CORAM :      LE JUGE LINDEN

                        LE JUGE NOËL

                        LE JUGE EVANS

 

ENTRE :

LE MINISTRE DE LA CITOYENNETÉ ET DE L’IMMIGRATION

appelant

et

MARTIN R. HYDE

 

intimé

 

 

 

MOTIFS DU JUGEMENT

LE JUGE EVANS

A.        INTRODUCTION

[1]               Il s’agit d’un appel du ministre de la Citoyenneté et de l’Immigration à l’encontre d’une décision par laquelle un juge de la Cour fédérale a rejeté la demande de contrôle judiciaire du ministre. Le juge des requêtes a confirmé une décision par laquelle la Section d’appel de l’immigration de la Commission de l’immigration et du statut de réfugié (la « SAI ») avait rejeté une demande du ministre pour que l’appel de Martin R. Hyde, l’intimé en l’espèce, soit rejeté. Le ministre alléguait que l’appel de M. Hyde avait été classé par l’article 197 de la Loi sur l’immigration et la protection des réfugiés, L.C. 2001, ch. 27 (la « LIPR »). La décision portée en appel est publiée sous l’intitulé Canada (Ministre de la Citoyenneté et de l’Immigration) c. Hyde (2005), 276 F.T.R. 203, 2005 CF 950.

 

[2]               L’article 197 est l’une des dispositions transitoires de la LIPR et il est ainsi rédigé :

197. Malgré l’article 192, l’intéressé qui fait l’objet d’un sursis au titre de l’ancienne loi et qui n’a pas respecté les conditions du sursis, est assujetti à la restriction du droit d’appel prévue par l’article 64 de la présente loi, le paragraphe 68(4) lui étant par ailleurs applicable.

 

 

197. Despite section 192, if an appellant who has been granted a stay under the former Act breaches a condition of the stay, the appellant shall be subject to the provisions of section 64 and subsection 68(4) of this Act.

 

[3]               Cet article a pour effet de mettre fin à la compétence de la SAI à l’égard d’une personne qui tombe sous le coup de cette disposition. En particulier, il empêche la SAI de surseoir à l’exécution d’une mesure de renvoi dans le cadre de l’exercice de sa compétence au titre de l’article 68 de la LIPR. Il fait donc en sorte que les appelants visés soient passibles de renvoi sans avoir la possibilité de faire valoir auprès de la SAI que, pour des motifs d’ordre humanitaire et « vu les autres circonstances de l’affaire », la SAI devrait surseoir à leur renvoi du Canada, même s’ils ont été reconnus coupables d’un crime grave.

 

[4]               Le présent appel porte sur l’interprétation de l’article 197. Plus particulièrement, pour tomber sous le coup de cet article, faut-il qu’un appelant dont le renvoi a été suspendu par la SAI ait commis des infractions auxquelles s’appliquent à la fois l’article 64 et le paragraphe 68(4)? Ou alors, suffit-il que l’une ou l’autre de ces deux dispositions s’applique aux faits particuliers de la cause d’un appelant?

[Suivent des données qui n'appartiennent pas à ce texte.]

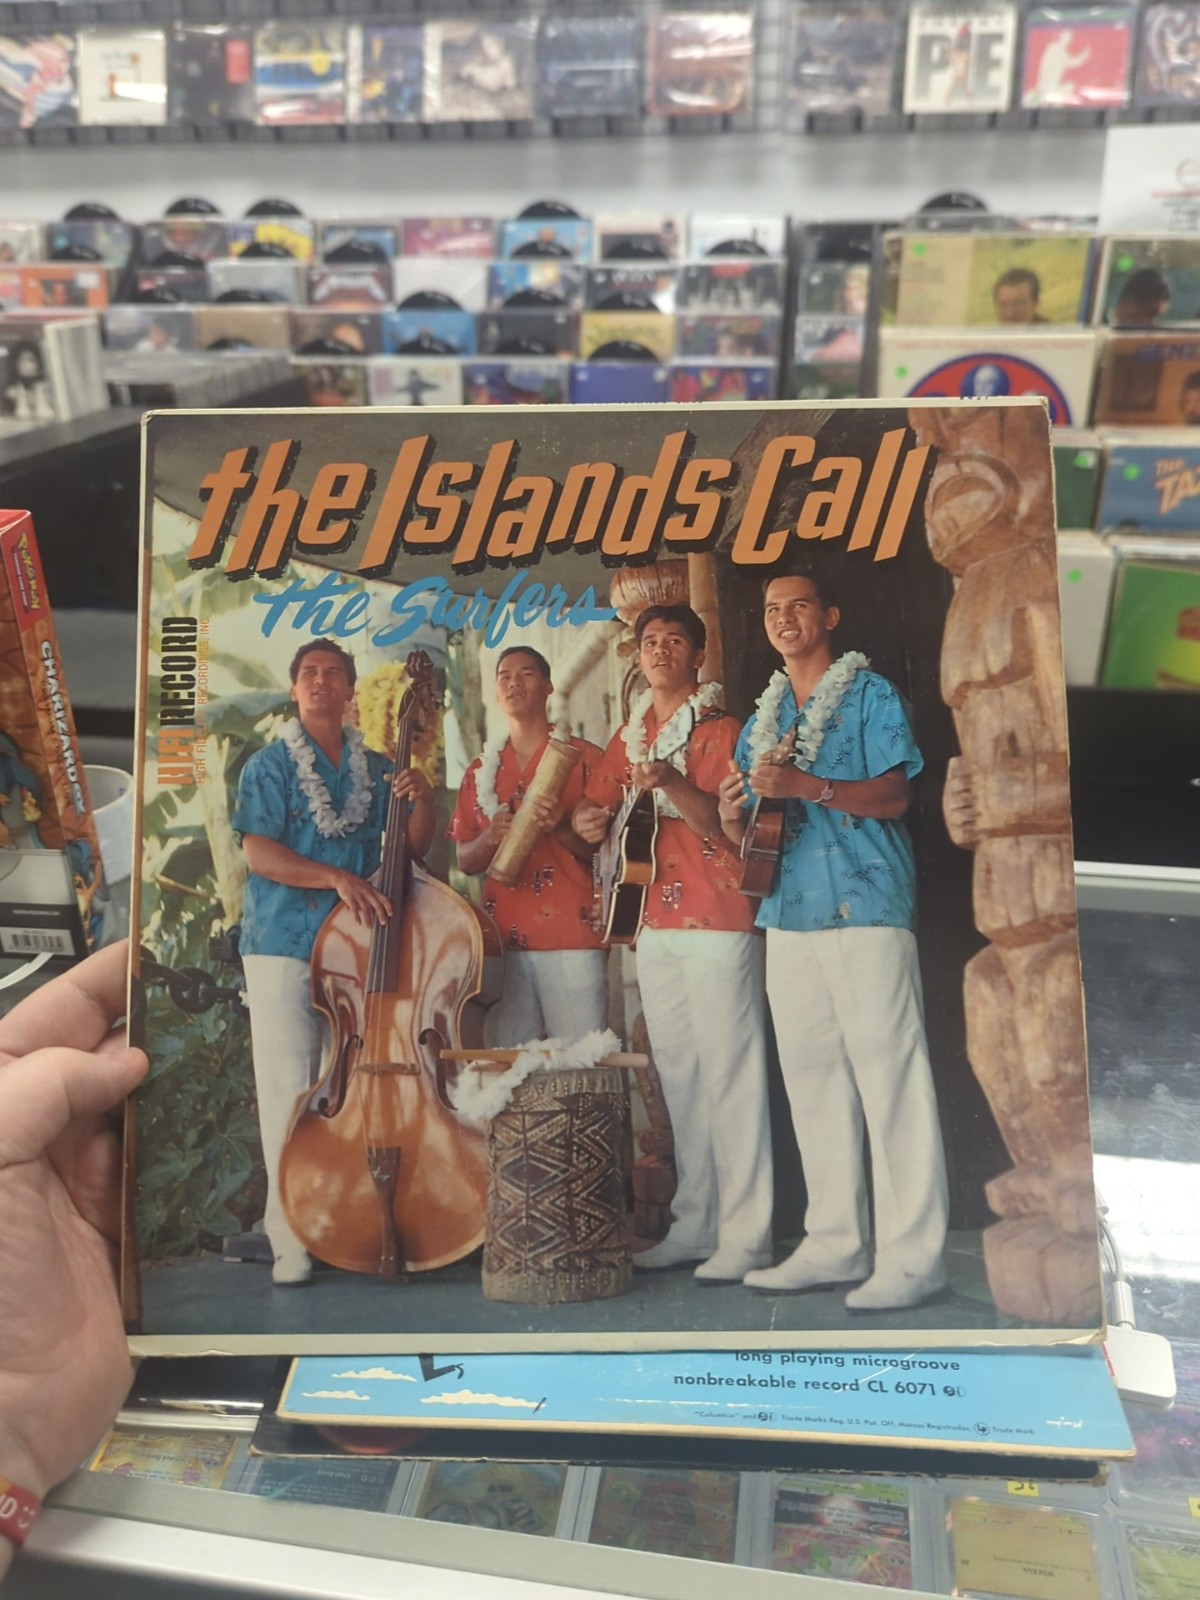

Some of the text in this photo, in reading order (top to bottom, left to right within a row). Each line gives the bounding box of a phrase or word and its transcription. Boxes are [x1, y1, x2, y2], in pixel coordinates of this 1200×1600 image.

[5]               Le texte de l’article 64 et du paragraphe 68(4) de la LIPR est le suivant :

64.(1) L’appel ne peut être interjeté par le résident permanent ou l’étranger qui est interdit de territoire pour raison de sécurité ou pour atteinte aux droits humains ou internationaux, grande criminalité ou criminalité organisée, ni par dans le cas de l’étranger, son répondant.

 

64.(1) No appeal may be made to the Immigration Appeal Division by a foreign national or their sponsor or by a permanent resident if the foreign national or permanent resident has been found to be inadmissible on grounds of security, violating human or international rights, serious criminality or organized criminality.

 

(2) L’interdiction de territoire pour grande criminalité vise l’infraction punie au Canada par un emprisonnement d’au moins deux ans.

(2) For the purpose of subsection (1), serious criminality must be with respect to a crime that was punished in Canada by a term of imprisonment of at least two years.

[…]

 

 

68.(4) Le sursis de la mesure de renvoi pour interdiction de territoire pour grande criminalité ou criminalité est révoqué de plein droit si le résident permanent ou l’étranger est reconnu coupable d’une autre infraction mentionnée au paragraphe 36(1), l’appel étant dès lors classé.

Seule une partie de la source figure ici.